Tuesday, November 4, 2008
Inside Higher Ed has a good piece on Mark Schneider's critique of the American university's graduation rates, especially in the context of our higher spending as a percentage of gross domestic product. The core claim:
Even though the U.S. spends more of its gross domestic product on higher education than do other countries, and contains many of the world’s best universities, the country’s performance on measures of postsecondary attainment for its citizens, particularly young ones, is declining compared to other countries. Graduation rates provide further proof that “American higher education as a whole is failing to live up to its reputation as the world’s best,” he writes.

Schneider compares the median four-year graduation rates of American high schools (which, he acknowledges, have mandatory attendance policies that do not apply to colleges) with the six-year graduation rates at four-year colleges, and shows that across the board — at selected percentiles, by races, and across differing types of institutions (public, private, for-profit) — postsecondary institutions lag high schools.
There's good coverage here too of Cliff Adelman's critique of these numbers.

What needs more coverage is the causal link between weakening educational attainment and budget cuts. This point would cut against both Schneider and Adelman: higher ed's share of GDP is a number bloated by all sorts of activities that don't involve undergraduate education (most lab research, professional school education - its really expensive to create so many hedge-fund managers and M&A attorneys, etc). The "undergraduate education" share would be smaller. The share would also be split between a small number of wealthy schools who spend more and more and more and a large number of public universities whose expenditures in real dollars per student are flat or in decline. Since national attainment is about the mass population, you need to have high-quality mass higher education. That's what we used to be good at, and what we're less good at now.

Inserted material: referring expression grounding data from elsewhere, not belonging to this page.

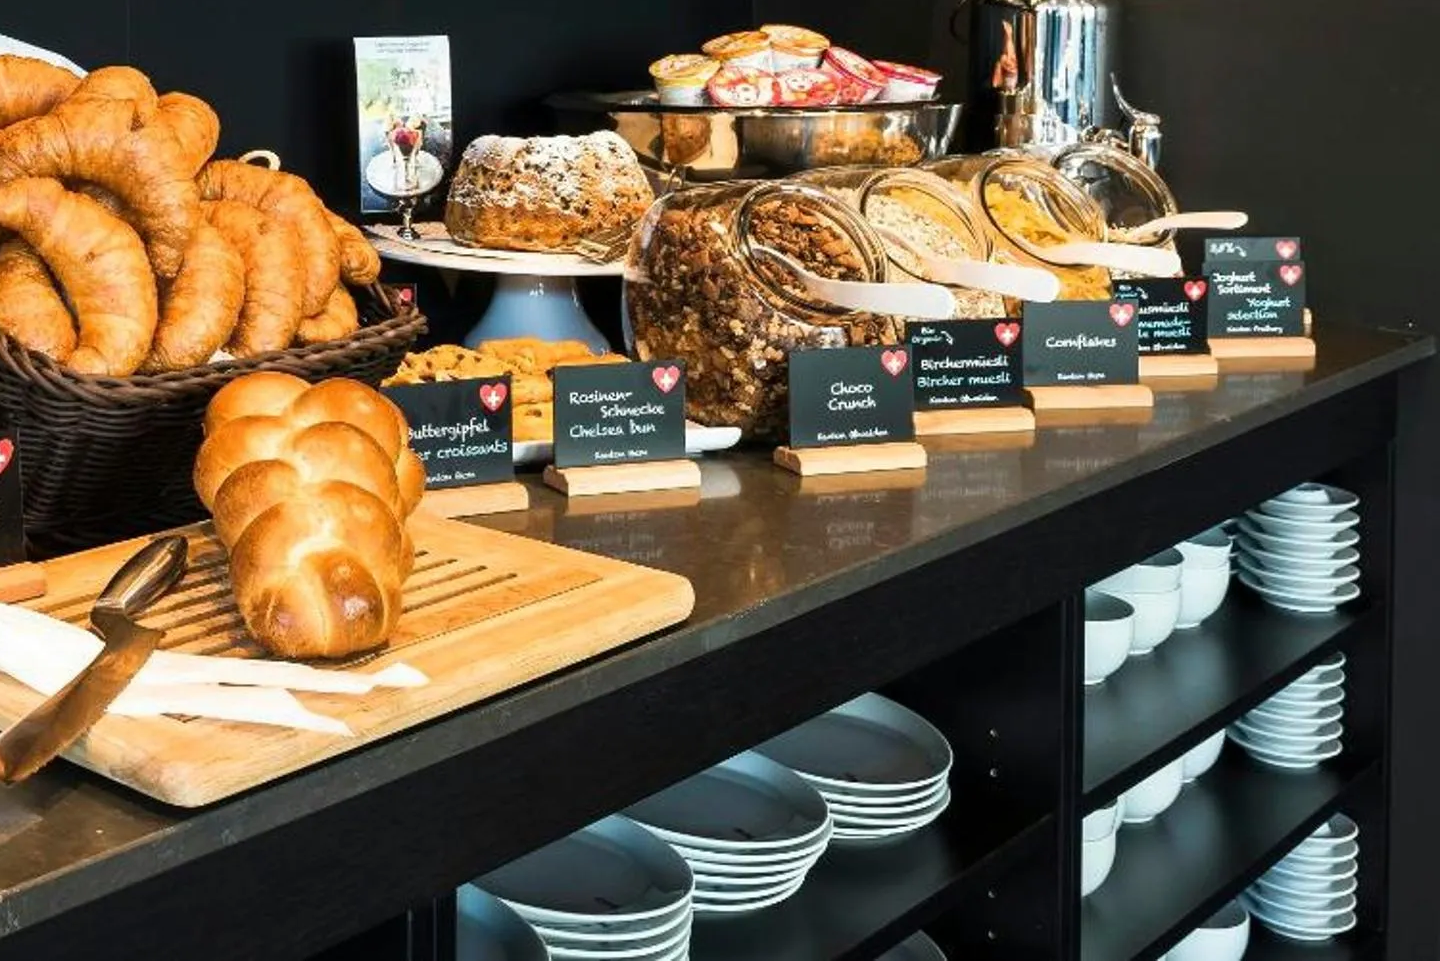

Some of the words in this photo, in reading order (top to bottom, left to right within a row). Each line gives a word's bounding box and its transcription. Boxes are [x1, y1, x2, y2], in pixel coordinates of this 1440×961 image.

[917, 374, 964, 388] Bircher
[968, 371, 1011, 386] muesli
[830, 380, 875, 396] Choco
[569, 390, 633, 405] Rosinen-
[826, 395, 877, 411] Crunch
[600, 402, 666, 419] Schnecke
[569, 422, 625, 438] Chelsea
[628, 419, 657, 435] bun
[436, 439, 508, 459] croissants
[425, 473, 453, 484] anton

Saturday, November 1, 2008

Saturday, November 1, 2008
The McCain/Palin campaign is a constant reminder that the culture wars live on. They are running against the Weather Underground circa 1969 - The Sixties remains the Right's primal scene, ground zero, bete noir, take your pick. To set themselves up as warriors against the terrorist 1960s they attacked Obama's occasional paths-crossing with Bill Ayers, a Weather leader back in the day andnow an academic.

Another academic came in for a symbolic McCain thrashing - the Middle East specialist Rashid Khalidi of Columbia University. He was actually friends with Obama when they both lived in Chicago and Khalidi taught at the University of Chicago. The Washington Post has a good editorial on the topic, denouncing what Khalidi calls the "idiot wind" emerging from the McCain campaign's last desperate days.

My favorite lines are those that imagine a life after the culture wars that, as I argue in Unmaking the Public University, has inflicted the social and culture equivalent of brain damage on the country as a whole. The lines:
  • "Perhaps unsurprising for a member of academia, Mr. Khalidi holds complex views."
  • "Our sense is that Mr. Obama is a man of considerable intellectual curiosity who can hear out a smart, if militant, advocate for the Palestinians without compromising his own position."
Wow. Let me read those lines again in a daily newspaper.

If curiosity and complexity circulated freely, with militance as their regular companion, and unsplattered with culture wars attacks, progress would be both intelligent and possible again.

Preventing this was the point of the culture wars in the first place. But the warriors' positions are now weaker than at any time in the last 25 years.